Return the entries verbatim and drop every picture.

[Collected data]
-=-=-=-=-

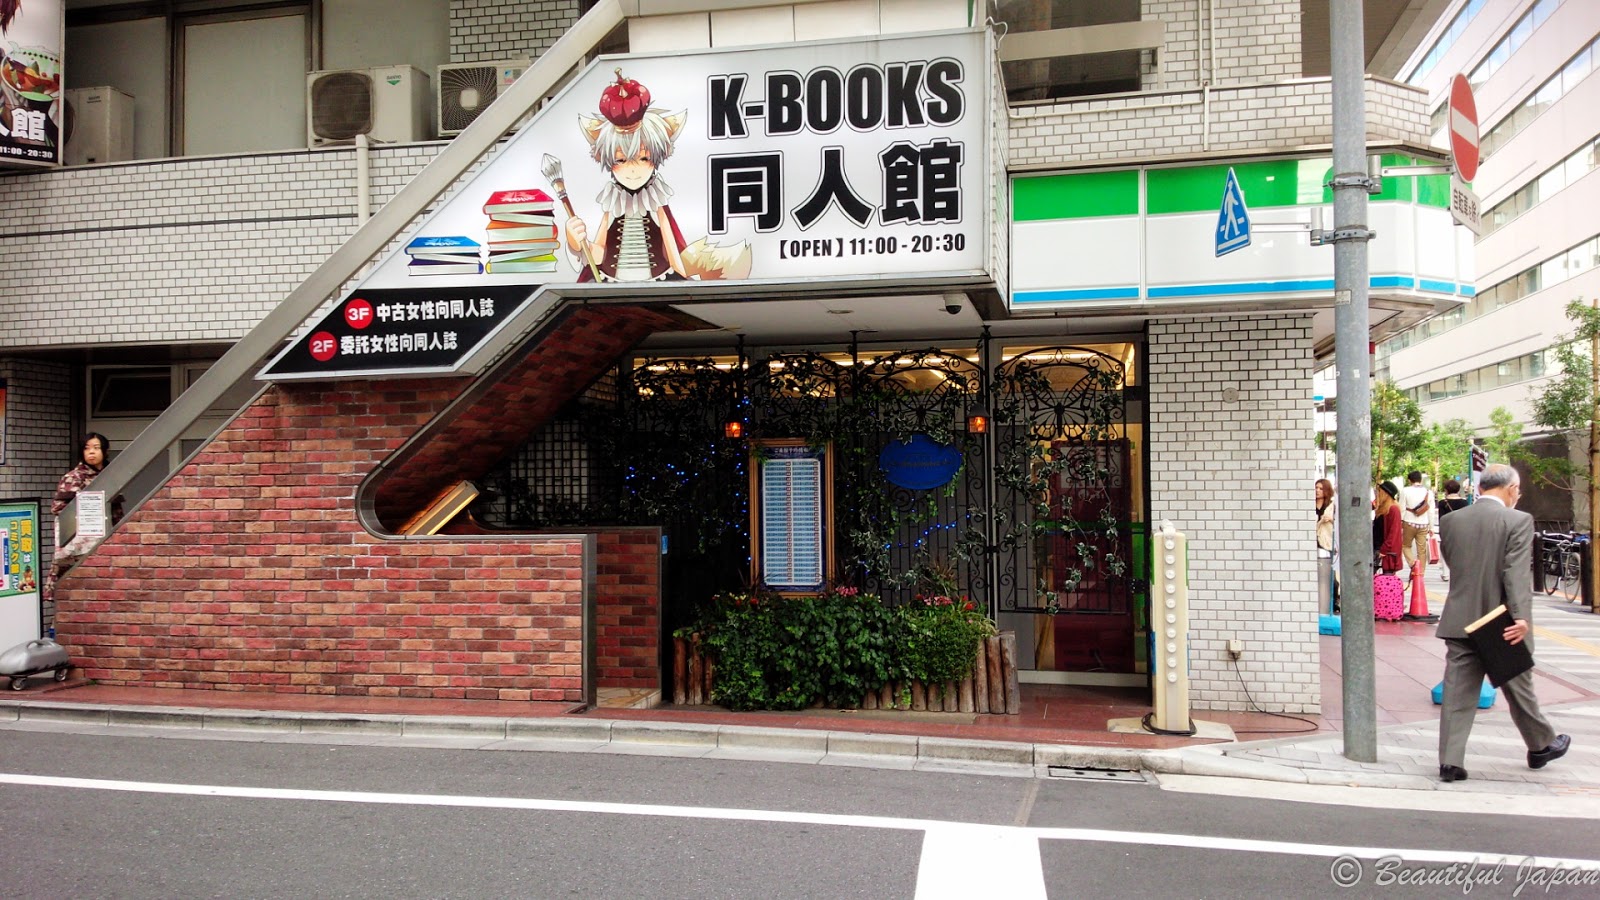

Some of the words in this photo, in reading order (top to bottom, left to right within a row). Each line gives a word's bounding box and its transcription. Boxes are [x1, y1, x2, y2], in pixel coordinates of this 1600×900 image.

[709, 58, 965, 138] K-BOOKS
[709, 138, 964, 234] 同人館
[348, 307, 370, 320] 3F
[376, 298, 495, 322] 中古女性向同人誌
[312, 340, 333, 352] 2F
[340, 332, 458, 355] 委託女性向同人誌
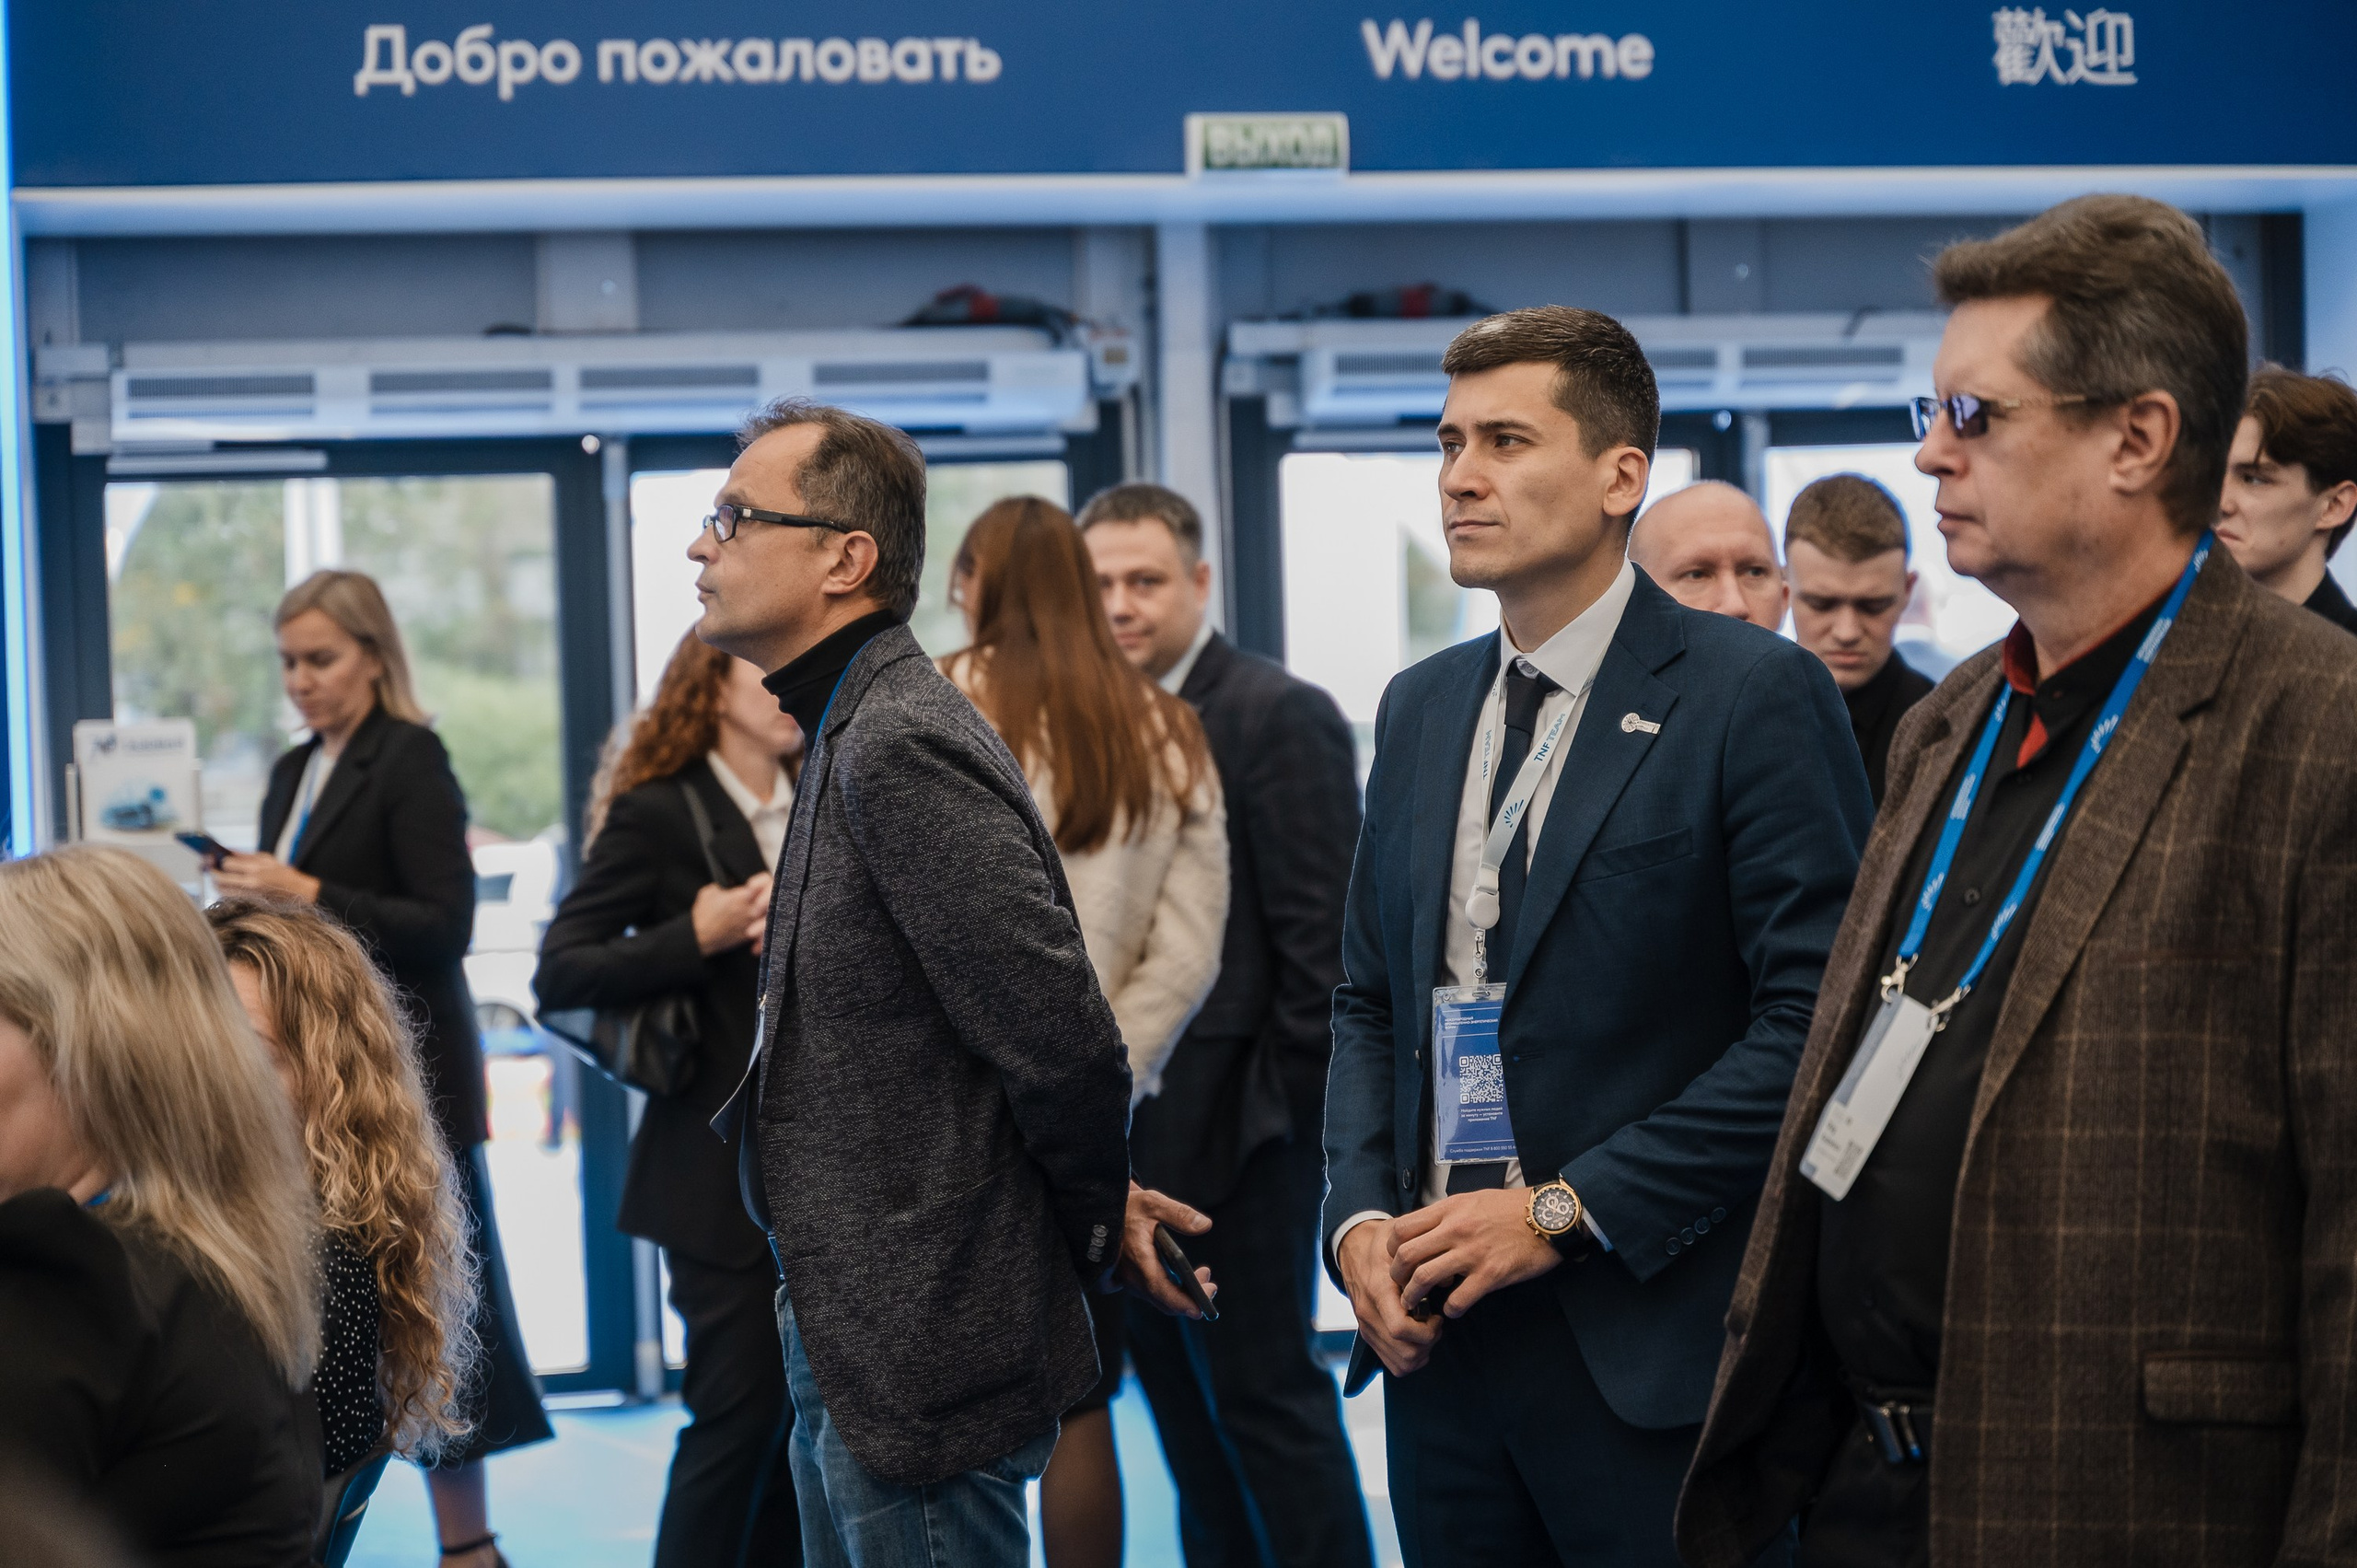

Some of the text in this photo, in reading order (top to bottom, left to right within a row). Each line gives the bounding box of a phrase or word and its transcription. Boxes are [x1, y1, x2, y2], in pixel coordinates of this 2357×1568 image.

[354, 24, 1002, 100] Добро пожаловать
[1361, 18, 1654, 80] Welcome
[1991, 6, 2139, 87] 歡迎
[1534, 714, 1565, 761] TNF TEAM

-=-=-=-=-

**Result for this task**
Some of the words in this photo, in reading order (top to bottom, left to right within a row). Each line gives a word's bounding box and its transcription. Boxes are [x1, y1, x2, y2], in pixel coordinates of this 1600×900 image.

[709, 58, 965, 138] K-BOOKS
[709, 138, 964, 234] 同人館
[348, 307, 370, 320] 3F
[376, 298, 495, 322] 中古女性向同人誌
[312, 340, 333, 352] 2F
[340, 332, 458, 355] 委託女性向同人誌

Some of the text in this photo, in reading order (top to bottom, left to right within a row). Each line gives the bounding box of a phrase or word and its transcription. Boxes are [x1, y1, x2, y2], in pixel coordinates of this 2357×1568 image.

[354, 24, 1002, 100] Добро пожаловать
[1361, 18, 1654, 80] Welcome
[1991, 6, 2139, 87] 歡迎
[1534, 714, 1565, 761] TNF TEAM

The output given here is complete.